PA Justice Minister Ali Abu Diak said that Hamas bears legal responsibility for crushing the protests. “Hamas must listen to the voice of the people,” he said. “It must stop its policy of strangulation, oppression and abuse against our people in the Gaza Strip.”

Hussein al-Sheikh, a senior member of the Fatah Central Committee, said that the Palestinians have launched an uprising against the “obscurantist” forces in the Gaza Strip. He said it was time for the Palestinians to overthrow the Hamas regime which, he added, is “using repressive measures to suppress those who are demanding an end to illegal taxes and the right to live in dignity.”
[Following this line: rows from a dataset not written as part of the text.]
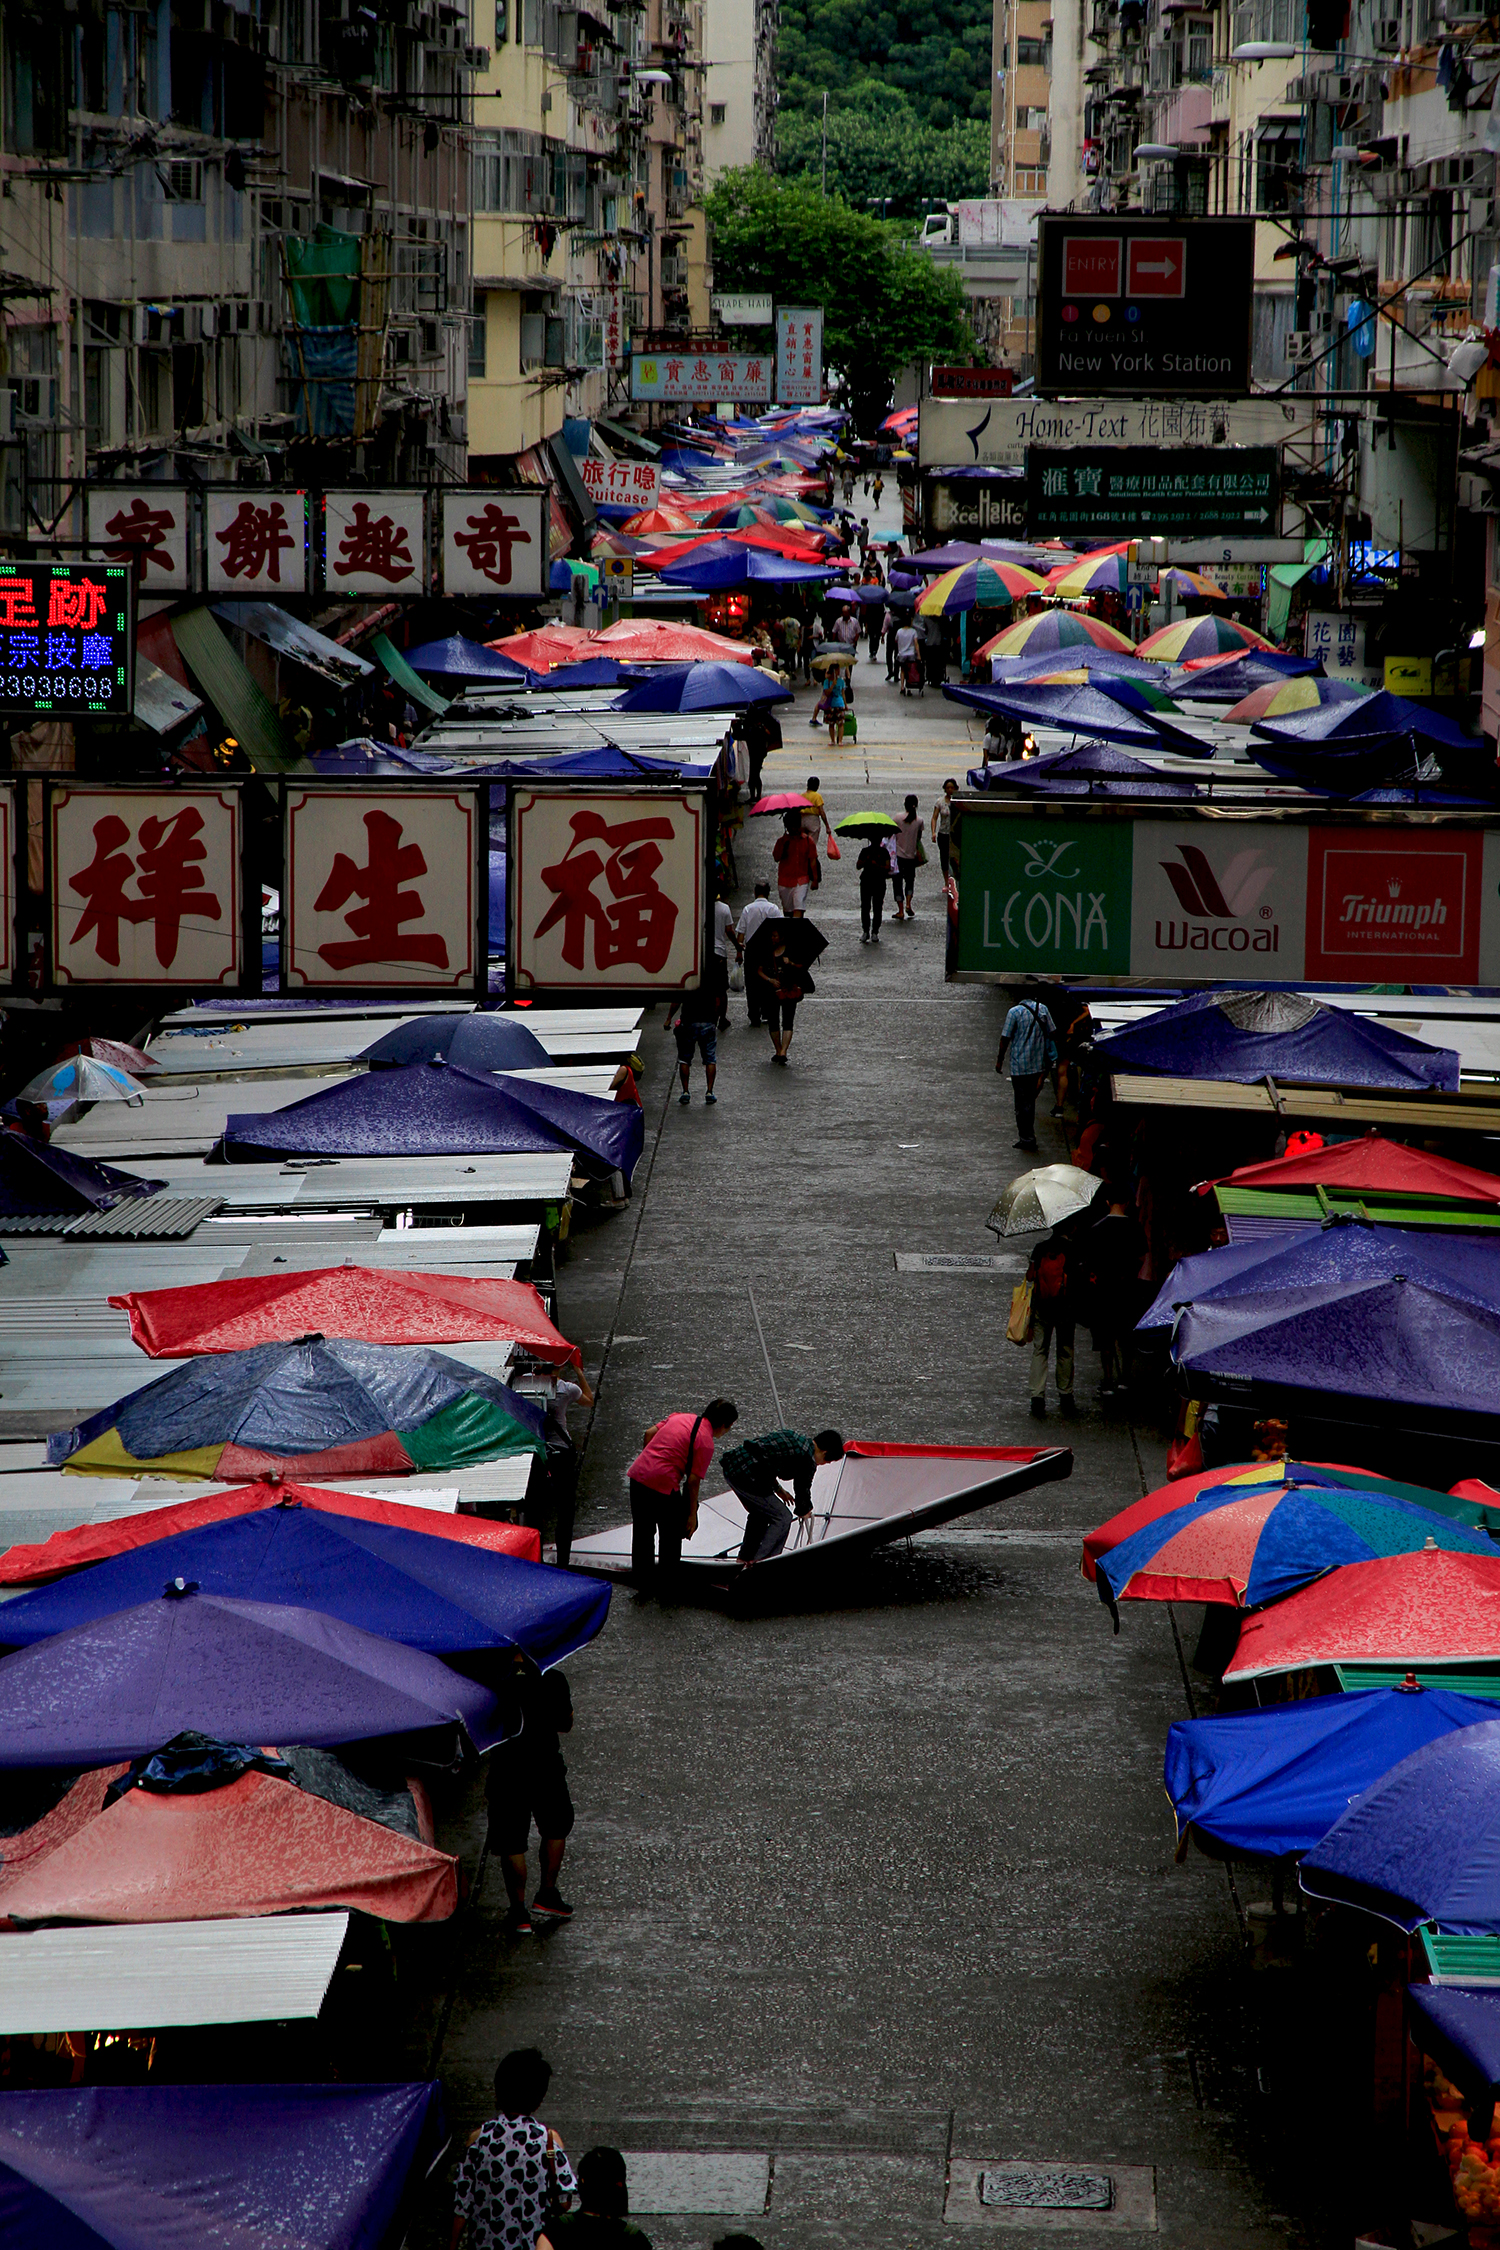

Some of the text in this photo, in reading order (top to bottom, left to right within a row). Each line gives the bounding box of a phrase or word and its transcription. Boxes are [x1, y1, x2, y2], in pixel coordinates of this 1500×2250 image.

[1068, 256, 1117, 271] ENTRY
[712, 298, 772, 308] SHAPE HAIR
[1059, 329, 1149, 343] Fa Yuen St.
[785, 322, 797, 376] 直銷中心
[663, 358, 767, 384] 實惠窗簾
[1058, 352, 1232, 372] New York Station
[1016, 403, 1129, 438] Home-Text
[582, 459, 655, 490] 旅行喼
[1109, 473, 1270, 491] 醫療用品配套有限公司
[586, 486, 648, 505] Suitcase
[1313, 621, 1357, 644] 花園
[0, 631, 113, 670] 宗按摩
[1311, 645, 1357, 667] 布藝
[982, 890, 1109, 950] LEONA
[1339, 894, 1448, 930] Triumph
[1155, 920, 1279, 952] Wacoal
[1346, 930, 1441, 941] INTERNATIONAL
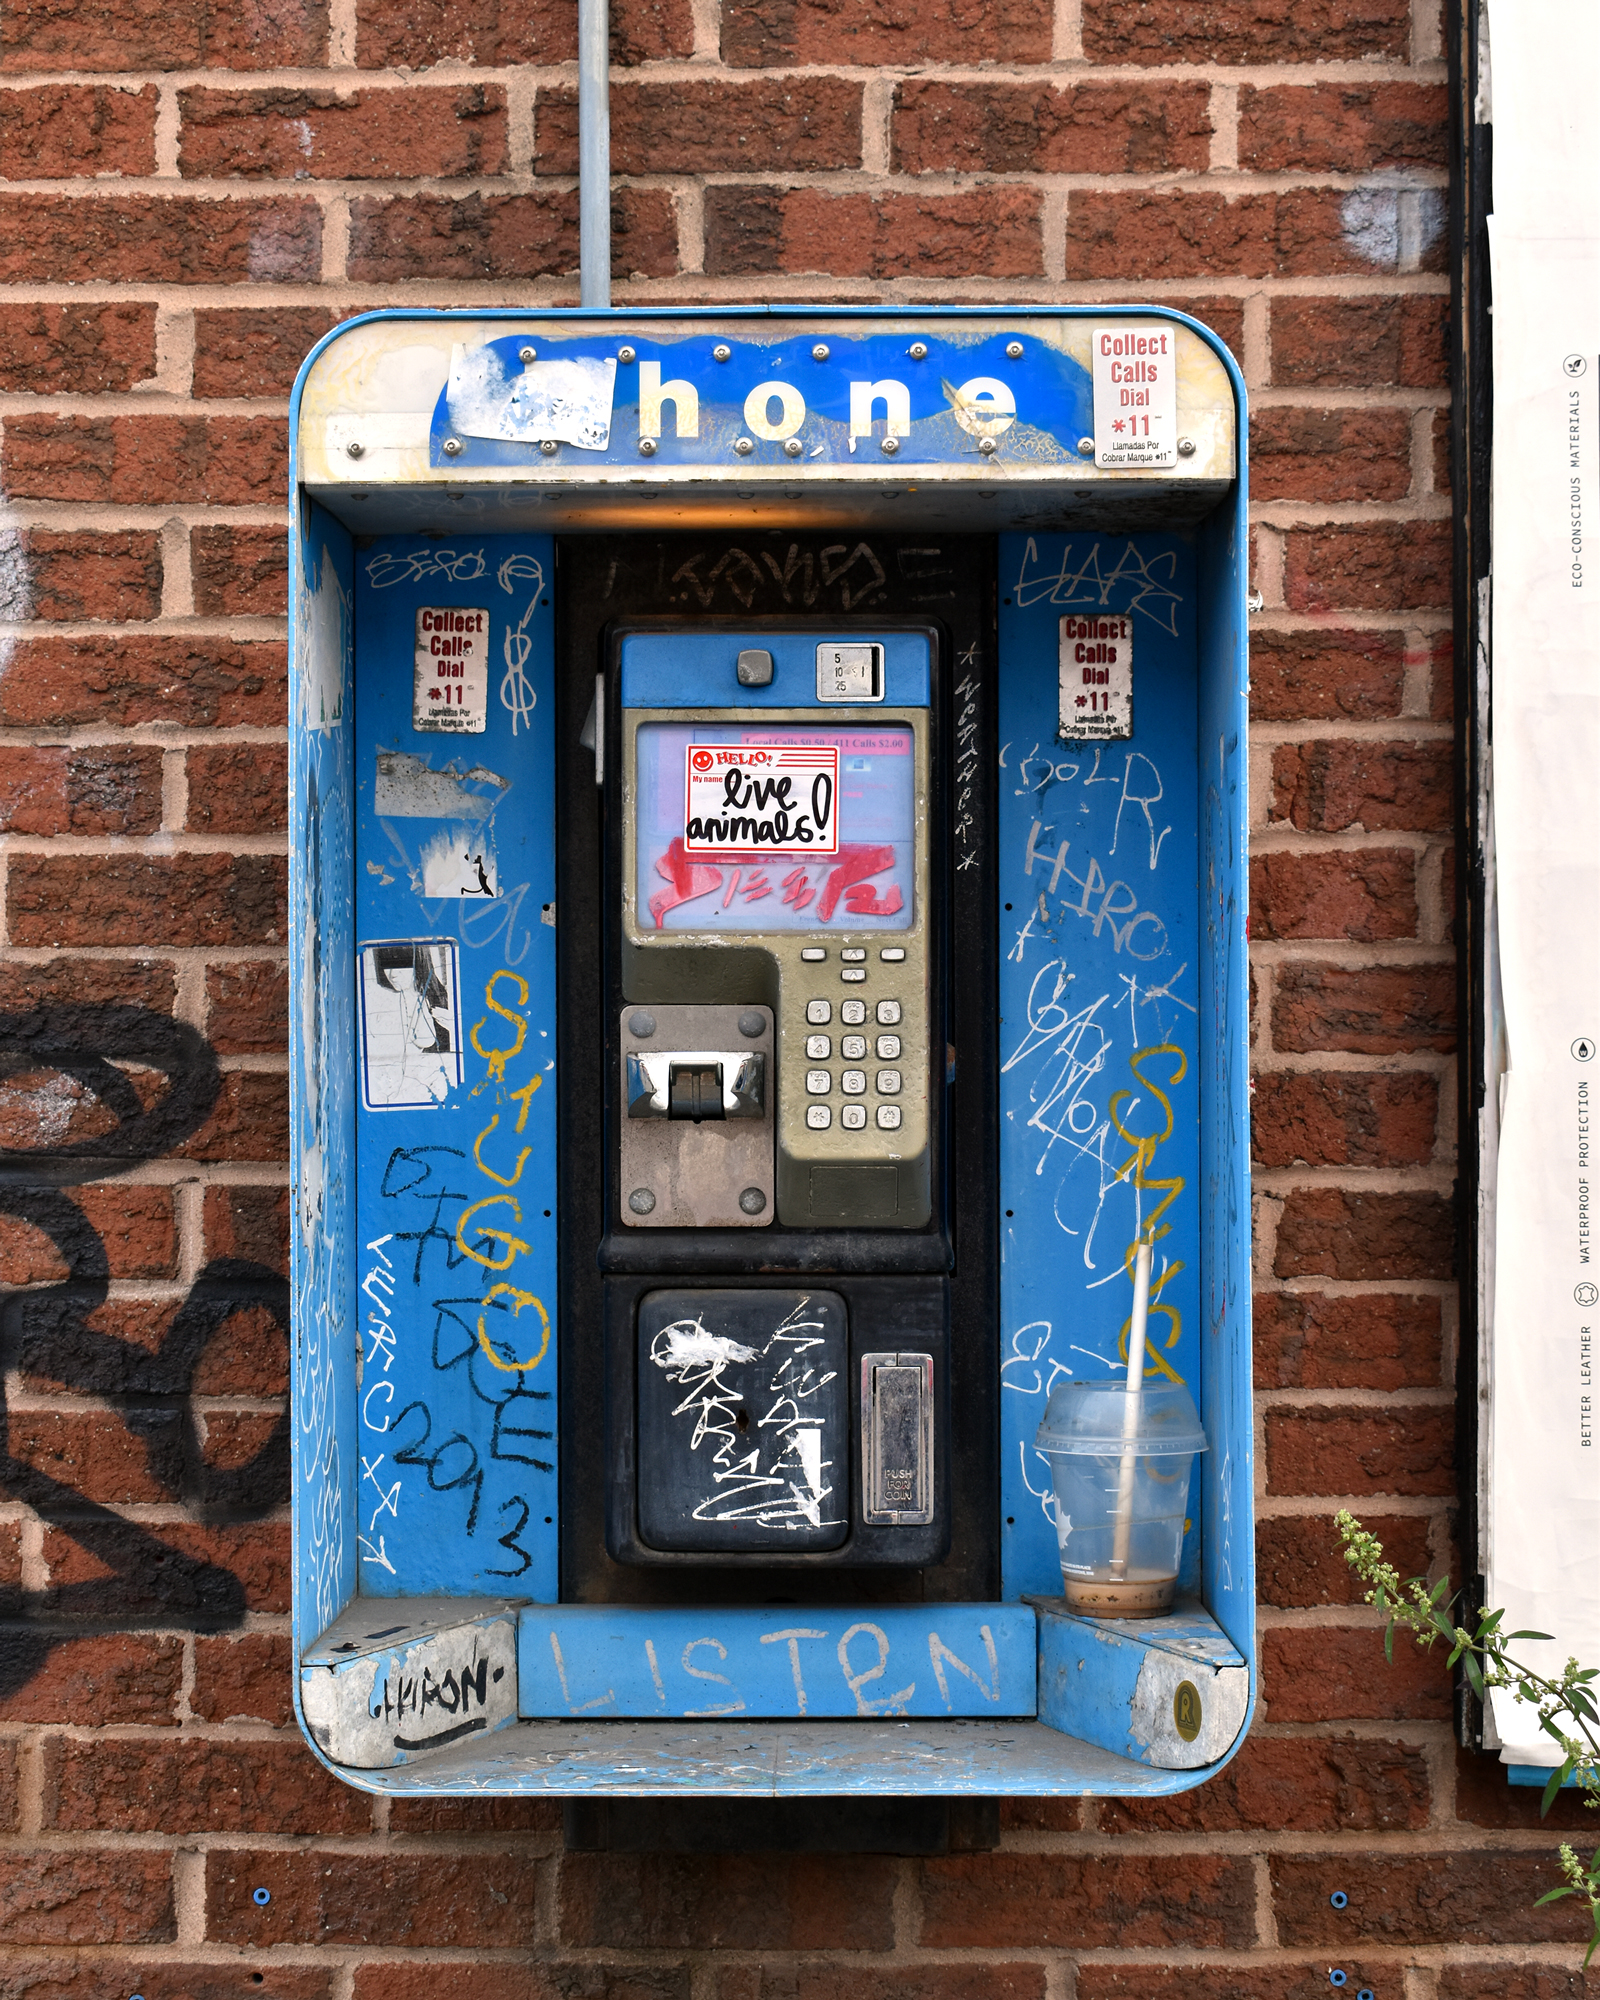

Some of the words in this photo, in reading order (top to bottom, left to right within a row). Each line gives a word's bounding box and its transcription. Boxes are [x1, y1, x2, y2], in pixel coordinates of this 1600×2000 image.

[1100, 333, 1168, 356] Collect
[1110, 360, 1158, 383] Calls
[638, 361, 1017, 441] hone
[1120, 387, 1150, 406] Dial
[1569, 390, 1580, 468] MATERIALS
[1112, 440, 1146, 451] Llamadas
[1147, 440, 1160, 450] Por
[1101, 452, 1126, 462] Cobrar
[1127, 452, 1154, 463] Marque
[1570, 477, 1582, 588] ECO-CONSCIOUS
[422, 611, 483, 633] Collect
[1066, 618, 1127, 639] Collect
[430, 635, 473, 657] Calls
[1074, 642, 1117, 664] Calls
[834, 653, 841, 664] 5
[437, 660, 464, 678] Dial
[834, 666, 844, 678] 10
[1082, 667, 1110, 685] Dial
[834, 680, 847, 692] 25
[774, 737, 798, 745] Calls
[800, 738, 825, 746] $050
[833, 738, 849, 748] 411
[852, 738, 876, 748] Calls
[879, 738, 903, 748] $2.00
[715, 751, 773, 767] HELLO!
[692, 775, 702, 784] My
[722, 767, 798, 811] live
[815, 1008, 823, 1020] 1
[849, 1009, 859, 1021] 2
[884, 1009, 894, 1021] 3
[813, 1043, 824, 1055] 4
[849, 1043, 859, 1055] 5
[884, 1043, 894, 1055] 6
[814, 1078, 824, 1090] 7
[849, 1078, 859, 1090] 8
[884, 1078, 894, 1090] 9
[849, 1112, 859, 1124] 0
[1578, 1081, 1589, 1167] PROTECTION
[1579, 1177, 1590, 1264] WATERPROOF
[1580, 1325, 1591, 1386] LEATHER
[1581, 1395, 1591, 1447] BETTER
[884, 1469, 913, 1478] PUSH
[887, 1480, 911, 1489] FOR
[884, 1491, 913, 1500] COIN
Fatah spokesman Osama Qawassmeh claimed that Hamas fired the two rockets at Tel Aviv last Thursday in an attempt to “suppress the revolution of the hungry” in the Gaza Strip. He strongly condemned Hamas for using force against Palestinians who took to the streets to “voice their rejection of oppression, poverty and high prices.”

Yahya Moussa, a senior Hamas official, on Friday proposed the formation of a national committee to manage the affairs of the Gaza Strip in the wake of the continued protests.

He called on Hamas to hold a press conference to announce its acceptance of the protesters’ demands, especially to allow another body to run the affairs of the Palestinians in the Gaza Strip. Moussa said he was opposed to the use of force against the demonstrators.